------ The records ------

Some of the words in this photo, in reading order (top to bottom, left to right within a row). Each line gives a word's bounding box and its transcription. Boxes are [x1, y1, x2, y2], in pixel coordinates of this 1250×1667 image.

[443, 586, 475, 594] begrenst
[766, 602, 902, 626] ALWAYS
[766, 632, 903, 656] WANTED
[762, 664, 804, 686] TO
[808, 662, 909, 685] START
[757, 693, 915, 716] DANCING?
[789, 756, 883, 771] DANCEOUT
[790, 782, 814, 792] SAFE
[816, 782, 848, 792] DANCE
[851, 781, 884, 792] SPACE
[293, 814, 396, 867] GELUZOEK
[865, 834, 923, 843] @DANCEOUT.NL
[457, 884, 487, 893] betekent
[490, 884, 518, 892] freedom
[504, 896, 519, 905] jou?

------

Assigned task:
Each record should be returned precisely as written.

Exercise result:
Some of the words in this photo, in reading order (top to bottom, left to right within a row). Each line gives a word's bounding box and its transcription. Boxes are [x1, y1, x2, y2], in pixel coordinates of this 1250×1667 image.

[443, 586, 475, 594] begrenst
[766, 602, 902, 626] ALWAYS
[766, 632, 903, 656] WANTED
[762, 664, 804, 686] TO
[808, 662, 909, 685] START
[757, 693, 915, 716] DANCING?
[789, 756, 883, 771] DANCEOUT
[790, 782, 814, 792] SAFE
[816, 782, 848, 792] DANCE
[851, 781, 884, 792] SPACE
[293, 814, 396, 867] GELUZOEK
[865, 834, 923, 843] @DANCEOUT.NL
[457, 884, 487, 893] betekent
[490, 884, 518, 892] freedom
[504, 896, 519, 905] jou?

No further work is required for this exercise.